For the Isle of Man to achieve something similar to the Baltic Creative, we will face a different set of challenges to Liverpool Council. In particular, we will need more skilled ICT and creative professionals. By nurturing an integrated arts and business scene, encouraging venues and events, we will begin to increase our graduate retention. Investment into ICT skills and the new Art Design and Media BA pathways at Isle of Man College is already underway, along with increasing collaboration between students and employers.

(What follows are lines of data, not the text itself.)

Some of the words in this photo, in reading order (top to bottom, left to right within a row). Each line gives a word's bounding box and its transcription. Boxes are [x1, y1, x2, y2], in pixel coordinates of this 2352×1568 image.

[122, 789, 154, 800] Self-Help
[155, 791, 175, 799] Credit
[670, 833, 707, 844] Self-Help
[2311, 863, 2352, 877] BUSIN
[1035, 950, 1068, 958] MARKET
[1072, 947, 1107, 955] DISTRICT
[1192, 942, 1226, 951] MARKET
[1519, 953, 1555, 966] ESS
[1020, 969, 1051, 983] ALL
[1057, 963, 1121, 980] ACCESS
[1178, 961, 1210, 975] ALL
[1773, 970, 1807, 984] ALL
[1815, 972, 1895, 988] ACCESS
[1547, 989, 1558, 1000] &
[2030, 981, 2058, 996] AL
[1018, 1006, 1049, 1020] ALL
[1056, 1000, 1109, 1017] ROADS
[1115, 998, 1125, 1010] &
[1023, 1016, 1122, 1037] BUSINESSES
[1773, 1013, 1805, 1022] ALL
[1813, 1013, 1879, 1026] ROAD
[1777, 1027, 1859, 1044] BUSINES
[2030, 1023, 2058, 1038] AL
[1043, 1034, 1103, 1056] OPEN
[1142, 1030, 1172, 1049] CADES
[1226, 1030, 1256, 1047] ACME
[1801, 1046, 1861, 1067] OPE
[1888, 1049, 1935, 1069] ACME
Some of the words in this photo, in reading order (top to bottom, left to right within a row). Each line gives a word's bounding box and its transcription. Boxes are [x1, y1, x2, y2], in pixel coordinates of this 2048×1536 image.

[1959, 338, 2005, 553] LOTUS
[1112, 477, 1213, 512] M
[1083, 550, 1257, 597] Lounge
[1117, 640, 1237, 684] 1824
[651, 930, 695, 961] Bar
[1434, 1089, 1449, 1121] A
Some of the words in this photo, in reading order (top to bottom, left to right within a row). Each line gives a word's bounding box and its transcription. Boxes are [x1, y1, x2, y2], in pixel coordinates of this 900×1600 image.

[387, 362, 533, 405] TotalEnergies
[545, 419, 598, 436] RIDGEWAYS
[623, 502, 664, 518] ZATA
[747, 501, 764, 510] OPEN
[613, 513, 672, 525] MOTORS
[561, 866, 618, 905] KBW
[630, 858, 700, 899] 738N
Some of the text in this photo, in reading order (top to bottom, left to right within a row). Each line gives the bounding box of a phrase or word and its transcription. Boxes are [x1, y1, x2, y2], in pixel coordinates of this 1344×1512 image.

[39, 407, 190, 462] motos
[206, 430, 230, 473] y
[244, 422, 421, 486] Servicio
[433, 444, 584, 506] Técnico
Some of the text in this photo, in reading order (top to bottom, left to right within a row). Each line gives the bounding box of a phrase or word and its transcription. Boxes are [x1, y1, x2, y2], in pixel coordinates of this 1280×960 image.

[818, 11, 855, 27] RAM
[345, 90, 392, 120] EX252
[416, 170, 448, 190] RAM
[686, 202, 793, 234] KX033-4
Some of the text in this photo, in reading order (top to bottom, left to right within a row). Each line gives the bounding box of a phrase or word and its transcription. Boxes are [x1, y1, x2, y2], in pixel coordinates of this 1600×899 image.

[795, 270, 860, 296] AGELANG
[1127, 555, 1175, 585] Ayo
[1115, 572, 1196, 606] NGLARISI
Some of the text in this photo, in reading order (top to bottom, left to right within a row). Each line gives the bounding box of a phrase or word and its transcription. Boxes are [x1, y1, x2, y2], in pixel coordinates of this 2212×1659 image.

There are opportunities here such as the Film Trainee Placement scheme, the Mannin Shorts film training scheme and the Creative Apprenticeships scheme which provide opportunities to our Isle of Man creatives to stretch themselves and grow their professional skills. And with four or five independent UK feature films shooting on the Island each year, there are even more opportunities for the workforce to grow into the industry. Undoubtedly, media production here will diversify much further in the years to come.
I wish to thank Liverpool Vision for their generous welcome in the city during IFB, and for offering us a glimpse of the Island’s future in the creative industries.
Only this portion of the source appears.